TASK = Transcribe, word for word, every record in the data below.

___ DATASET CONTENT ___

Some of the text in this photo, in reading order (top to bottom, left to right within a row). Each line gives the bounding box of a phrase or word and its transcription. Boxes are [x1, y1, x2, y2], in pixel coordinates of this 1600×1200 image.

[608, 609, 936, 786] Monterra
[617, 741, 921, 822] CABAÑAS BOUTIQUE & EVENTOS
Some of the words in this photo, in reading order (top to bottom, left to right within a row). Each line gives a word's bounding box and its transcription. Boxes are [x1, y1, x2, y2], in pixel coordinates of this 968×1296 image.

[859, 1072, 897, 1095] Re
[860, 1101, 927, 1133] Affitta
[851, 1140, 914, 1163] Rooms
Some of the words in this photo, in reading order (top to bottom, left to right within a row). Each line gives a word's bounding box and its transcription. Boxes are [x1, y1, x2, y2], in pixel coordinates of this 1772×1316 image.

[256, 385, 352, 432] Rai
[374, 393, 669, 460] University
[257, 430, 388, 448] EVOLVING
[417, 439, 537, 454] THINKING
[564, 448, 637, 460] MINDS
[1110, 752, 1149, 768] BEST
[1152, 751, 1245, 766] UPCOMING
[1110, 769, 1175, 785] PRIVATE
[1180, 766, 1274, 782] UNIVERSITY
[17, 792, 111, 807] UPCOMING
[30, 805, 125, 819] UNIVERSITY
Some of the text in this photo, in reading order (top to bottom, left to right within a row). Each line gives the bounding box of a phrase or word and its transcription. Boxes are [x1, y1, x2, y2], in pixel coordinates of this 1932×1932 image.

___

EXERCISE OUTPUT =
Some of the text in this photo, in reading order (top to bottom, left to right within a row). Each line gives the bounding box of a phrase or word and its transcription. Boxes are [x1, y1, x2, y2], in pixel coordinates of this 1600×1200 image.

[608, 609, 936, 786] Monterra
[617, 741, 921, 822] CABAÑAS BOUTIQUE & EVENTOS
Some of the words in this photo, in reading order (top to bottom, left to right within a row). Each line gives a word's bounding box and its transcription. Boxes are [x1, y1, x2, y2], in pixel coordinates of this 968×1296 image.

[859, 1072, 897, 1095] Re
[860, 1101, 927, 1133] Affitta
[851, 1140, 914, 1163] Rooms
Some of the words in this photo, in reading order (top to bottom, left to right within a row). Each line gives a word's bounding box and its transcription. Boxes are [x1, y1, x2, y2], in pixel coordinates of this 1772×1316 image.

[256, 385, 352, 432] Rai
[374, 393, 669, 460] University
[257, 430, 388, 448] EVOLVING
[417, 439, 537, 454] THINKING
[564, 448, 637, 460] MINDS
[1110, 752, 1149, 768] BEST
[1152, 751, 1245, 766] UPCOMING
[1110, 769, 1175, 785] PRIVATE
[1180, 766, 1274, 782] UNIVERSITY
[17, 792, 111, 807] UPCOMING
[30, 805, 125, 819] UNIVERSITY
Some of the text in this photo, in reading order (top to bottom, left to right within a row). Each line gives the bounding box of a phrase or word and its transcription. Boxes are [x1, y1, x2, y2], in pixel coordinates of this 1932×1932 image.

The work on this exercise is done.